I was annoyed the first time I met Tom Harkin. We were supposed to meet outside the Fremont County Courthouse in Sidney, Iowa, and he was late. I don’t remember how late, but late enough that I was annoyed.
He was a freshman congressman, a Democrat swept into a Republican district in the 1974 throw-the-bums-out vote after Richard Nixon’s resignation. I was a summer intern for the Evening Sentinel in Shenandoah, Iowa. Harkin was traveling around the district, as he usually did on congressional breaks, and would be stopping in Sidney, so I was supposed to interview him for a story.

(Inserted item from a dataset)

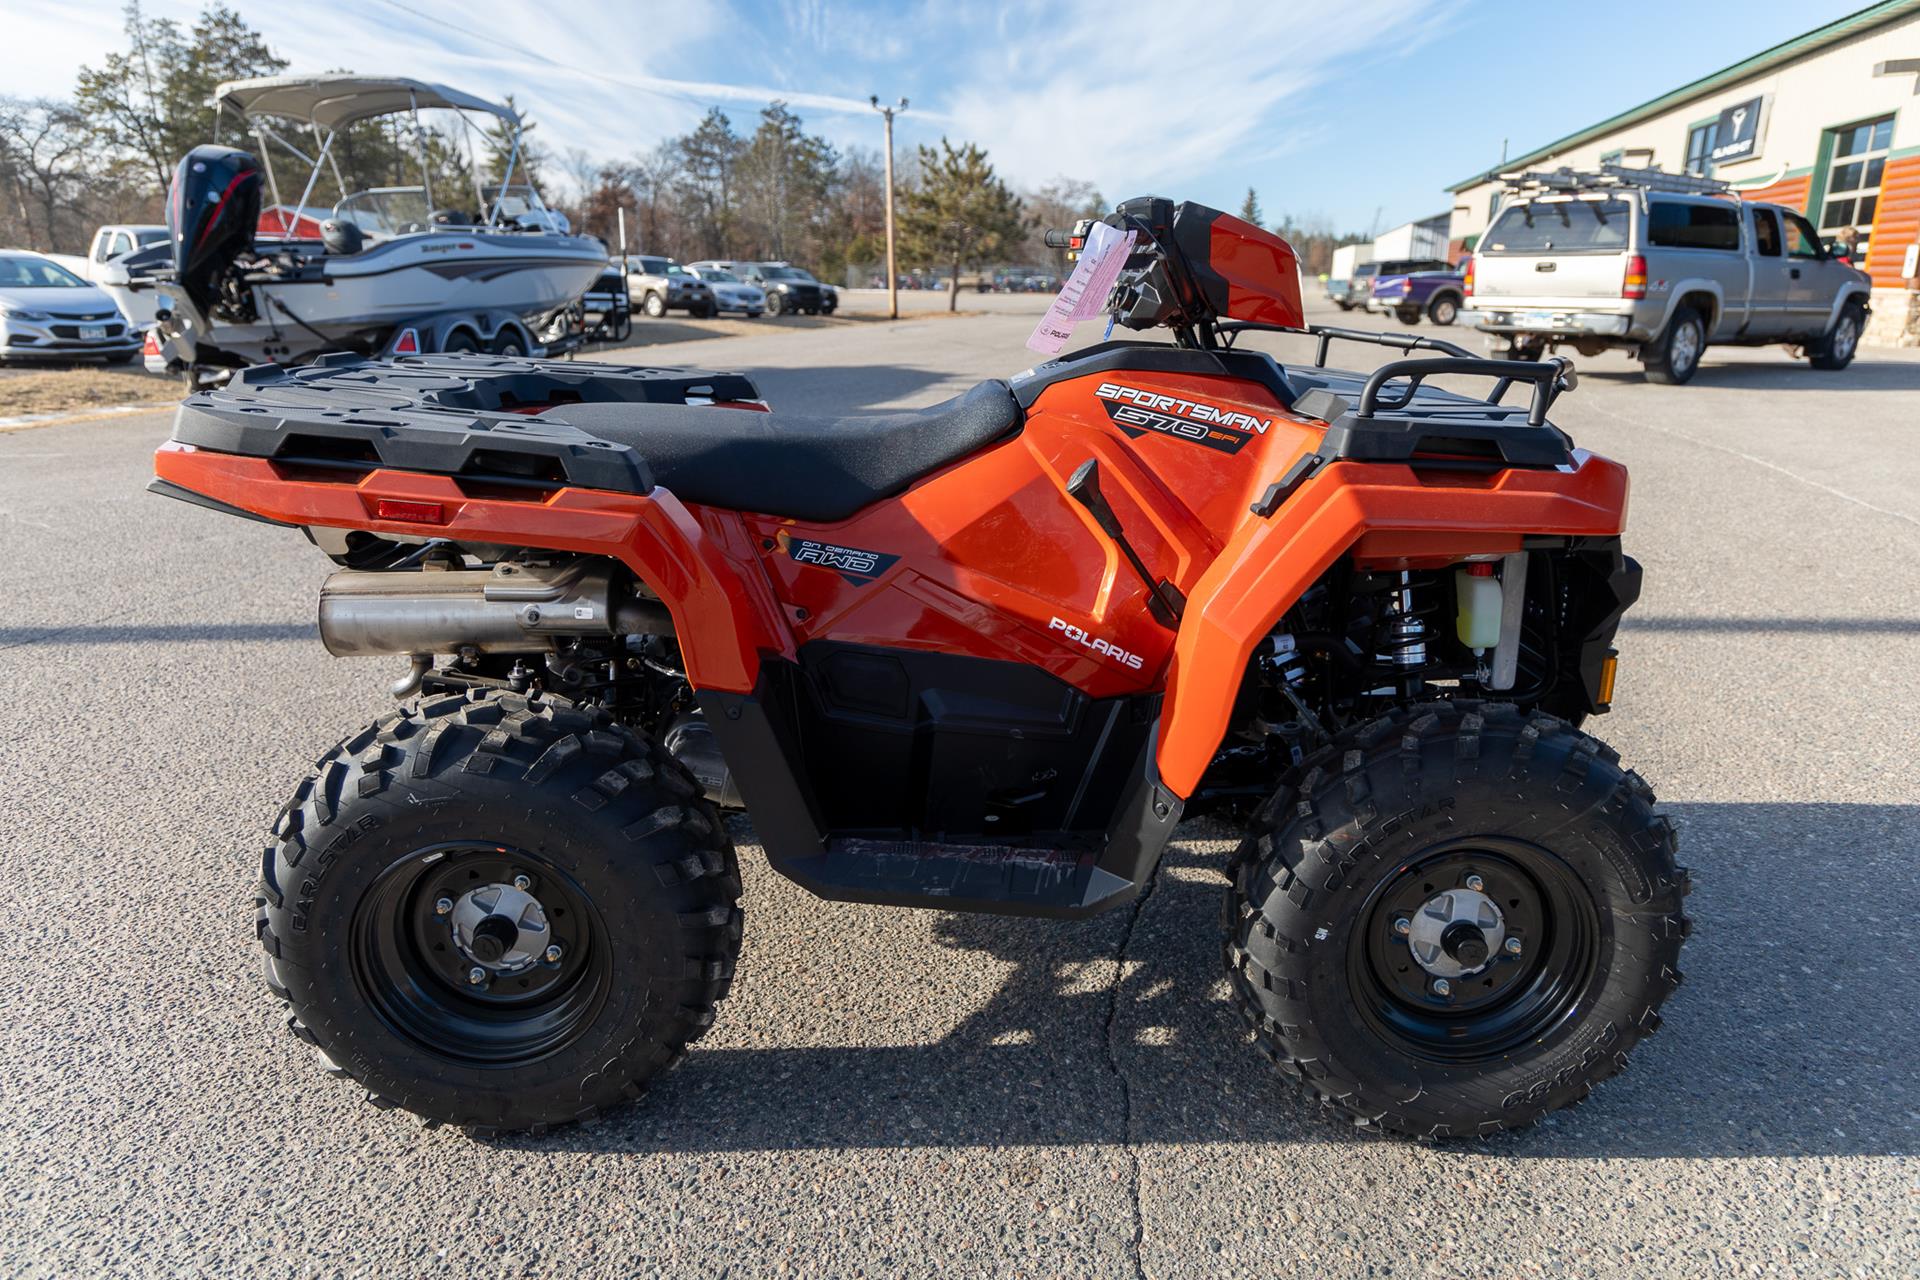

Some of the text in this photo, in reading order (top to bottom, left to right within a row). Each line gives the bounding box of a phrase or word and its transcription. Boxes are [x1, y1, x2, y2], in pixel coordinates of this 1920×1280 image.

He showed up eventually, apologizing for the delay, and we sat down to talk at a picnic table outside the courthouse, which had already closed. It was a warm summer day when it would have been more comfortable to talk indoors or to give me a quick interview and hop into his air-conditioned car to head for wherever his evening stop was. But we talked until I ran out of questions, easily a half hour, maybe closer to an hour. If he had a next stop on his schedule, I am sure he was even later for that. But I had waited from him, and he was generous with his time.
I don’t remember the issues we discussed. What I remember is his passion and sincerity. He really cared about people and this was a classic liberal who wanted to use the power of government to make people’s lives better. I remember being impressed and wondering whether he would get his ass kicked in the next election in a district that historically belonged to the Republicans.
But I also wondered if he had staying power. He had the right mix of charm and fight, I thought, to have a successful career in politics. And already I could see that he had mastered the art of constituent service. An aide drove around the district holding “office hours” in small towns, listening to complaints and helping people work out their problems with the Agriculture Department, Social Security Administration or whatever corner of the federal government was troubling them. (Harkin’s staff helped my father-in-law get a passport when the State Department balked because of his lack of a birth certificate, a problem that hadn’t kept him from going overseas in the Navy during World War II.)
Well, Harkin did have staying power. He carried that Republican district four more times and then in 1984, he ran for Senate in a state that had two conservative Republican incumbents. He beat one of those Republicans, Roger Jepsen, in 1984 and won four more Senate terms. Harkin announced today that five terms is enough. He’ll retire rather than seeking re-election in 2014 (he’d have won easily again). (more…)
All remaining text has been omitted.